Le ricerche in questo campo sono partite dall’assunto che nessun farmaco può avere effetto se non è fissato, cioè se in qualche modo non si attacca al cervello. Quindi, all’inizio i ricercatori hanno immaginato ipotetici tessuti costituenti ai quali un farmaco potrebbe legarsi – più o meno come una chiave entra in una serratura – e li hanno chiamati recettori. Così, l’idea di specifici recettori cerebrali per i farmaci divenne una teoria centrale della farmacologia. Si tratta di un’idea vecchissima.
In anni recenti un passo avanti fondamentale è stato la scoperta di tecniche per legare i farmaci a questi recettori e per studiare sia la loro distribuzione nel cervello sia la loro concreta struttura molecolare.
Cominciai a lavorare in questo campo nel laboratorio di Solomon Snyder alla Johns Hopkins Univesity, dove concentrammo l’attenzione sull’oppio, una droga che come è noto altera la consapevolezza ed è usata in Medicina per alleviare il dolore. Ho lavorato duramente, con molti insuccessi iniziali, al fine di creare un metodo per misurare la materia cerebrale con cui l’oppio interagisce producendo i suoi effetti. Per semplificare un discorso lungo e complicato, dirò che abbiamo usato delle sostanze radioattive grazie alle quali siamo riusciti a identificare l’elemento recettore dell’oppio nel cervello. Potete immaginare, quindi, una molecola di oppio che si attacca a un recettore, e da questo piccolo legame vedete svilupparsi dei grandi cambiamenti. In seguito si scoprì che l’intera classe di farmaci cui appartiene l’oppio – che sono chiamati oppiacei e che includono, oltre all’oppio, morfina, codeina ed eroina – si fissa allo stesso recettore. Poi scoprimmo che i recettori erano diffusi ovunque, non solo in tutto il cervello.
Dopo aver scoperto il recettore per gli oppiacei esterni, il nostro pensiero si spinse un passo oltre. Se il cervello e le altre parti del corpo hanno un recettore per qualcosa che viene assunto dall’esterno, sembra lecito supporre che anche all’interno del corpo esista qualcosa che si fissi al recettore. Altrimenti, perché esisterebbe il recettore?

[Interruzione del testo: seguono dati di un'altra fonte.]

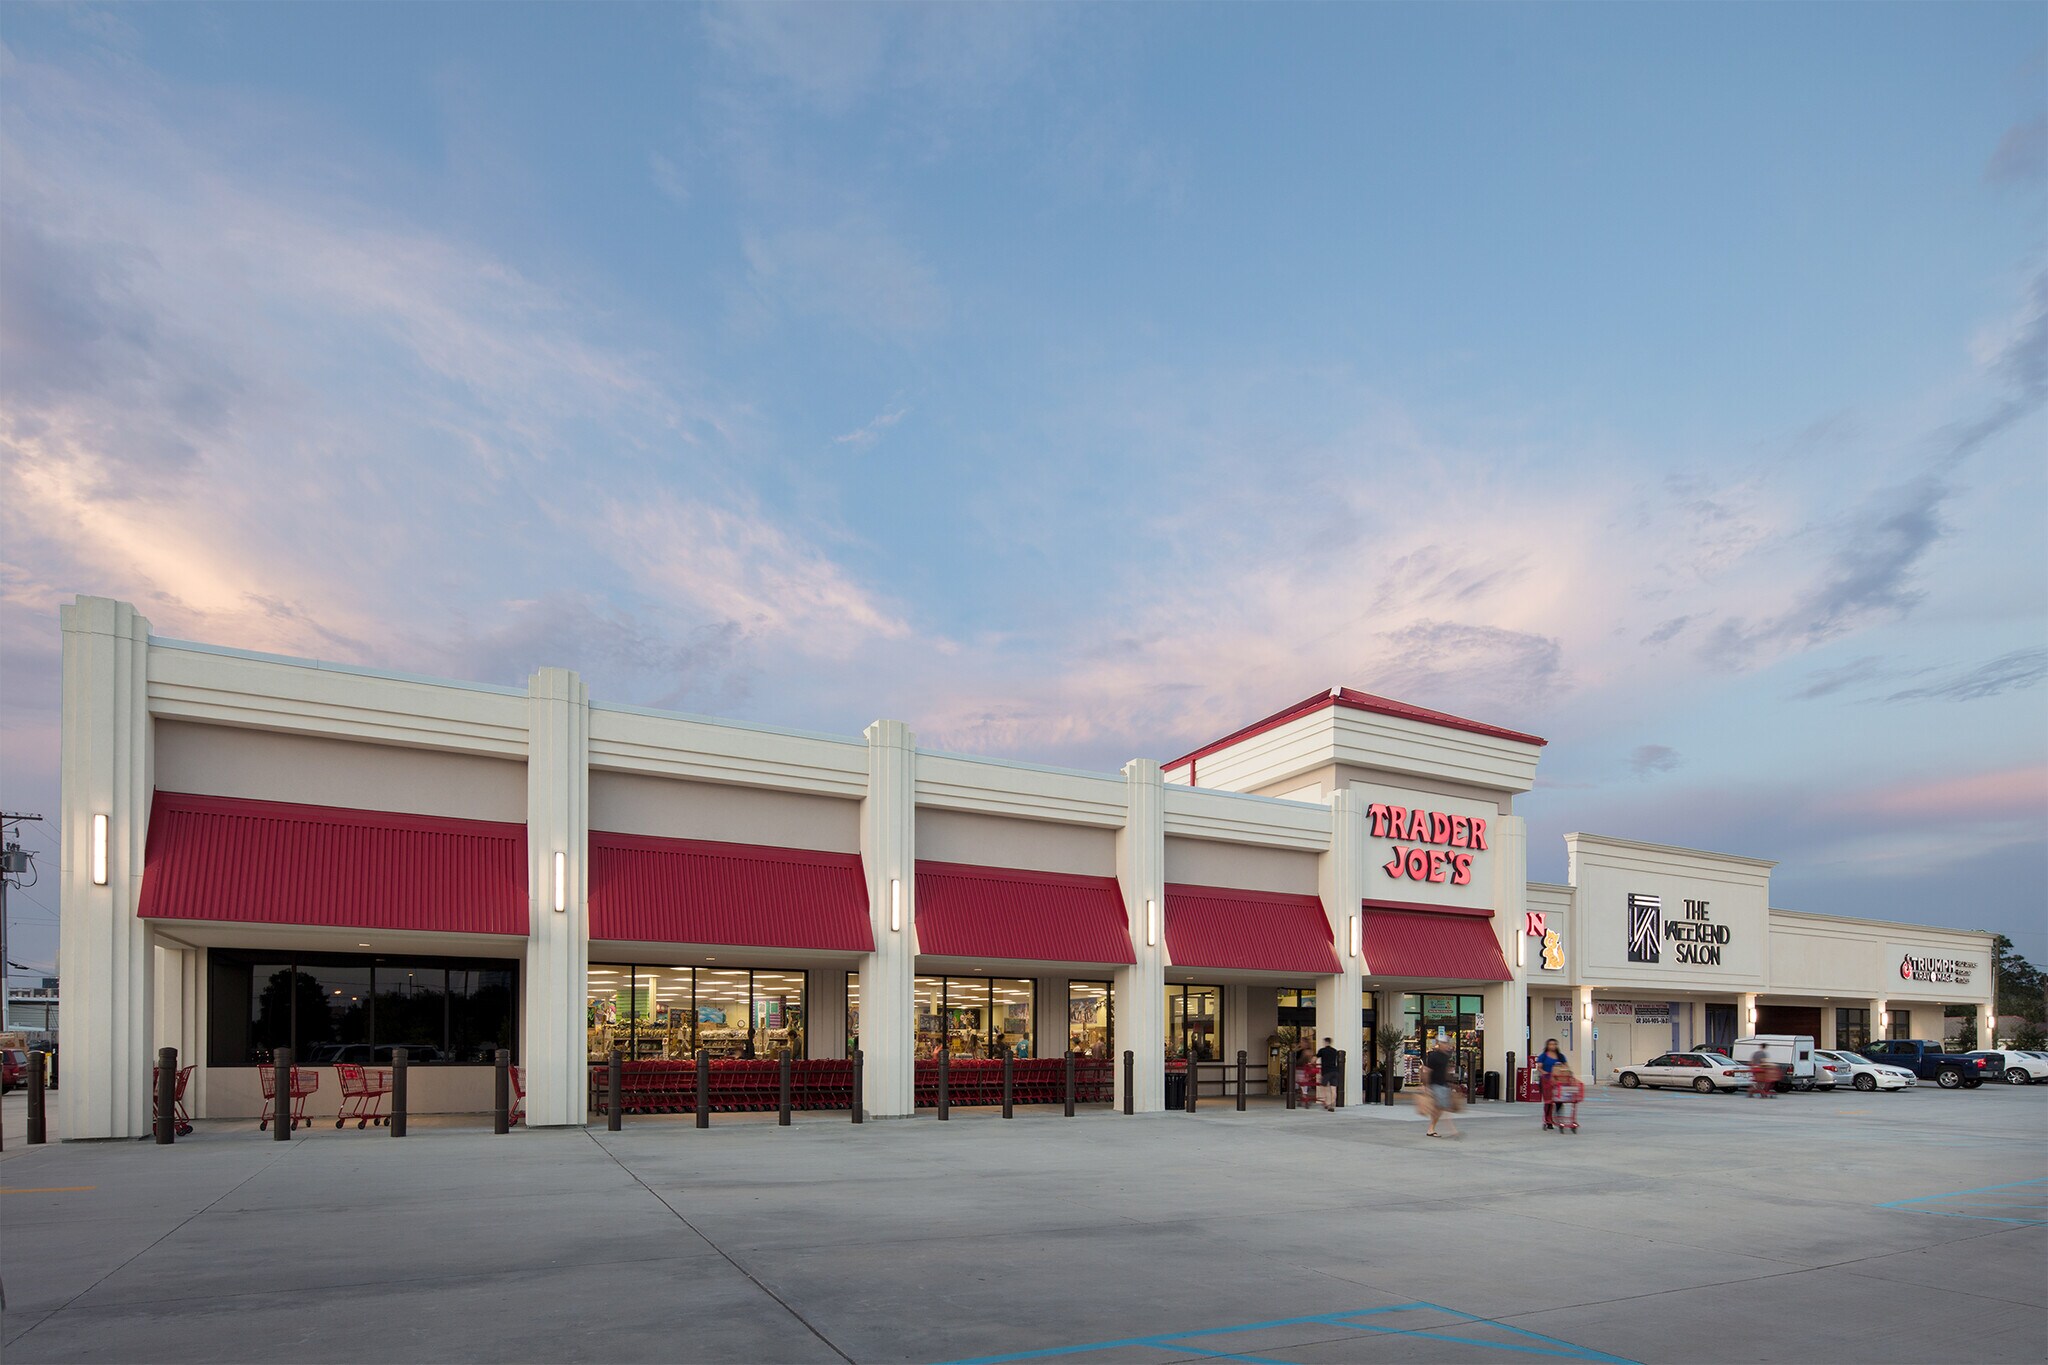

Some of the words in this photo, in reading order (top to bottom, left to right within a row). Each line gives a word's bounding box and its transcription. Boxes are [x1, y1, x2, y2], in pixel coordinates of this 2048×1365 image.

Questa intuizione portò all’identificazione di una delle forme di oppiaceo presente all’interno del cervello, una sostanza chimica chiamata beta endorfina. La beta endorfina è sintetizzata nelle cellule nervose del cervello e consiste di peptidi, quindi è un neuropeptide. Inoltre, i peptidi si sviluppano direttamente dal DNA, che immagazzina le informazioni per creare il nostro cervello e il corpo.
Se immaginate una comune cellula nervosa, potete visualizzare il meccanismo generale. Al centro (come in ogni cellula) c’è il DNA, e una “stampa” diretta del DNA porta alla produzione di un neuropeptide, che a quel punto attraversa gli assoni della cellula nervosa per venire immagazzinato nelle piccole sfere poste all’estremità, in attesa di particolari eventi elettro-fisici che lo libereranno. Il DNA produce anche i recettori, che sono composti della stessa sostanza dei peptidi, ma sono molto più grandi. Ciò che va aggiunto a questo quadro è il fatto che sono stati identificati da cinquanta a sessanta neuropeptidi, ognuno dei quali specifico come il neuropeptide beta endorfina. Siamo di fronte dunque a un sistema enormemente complesso.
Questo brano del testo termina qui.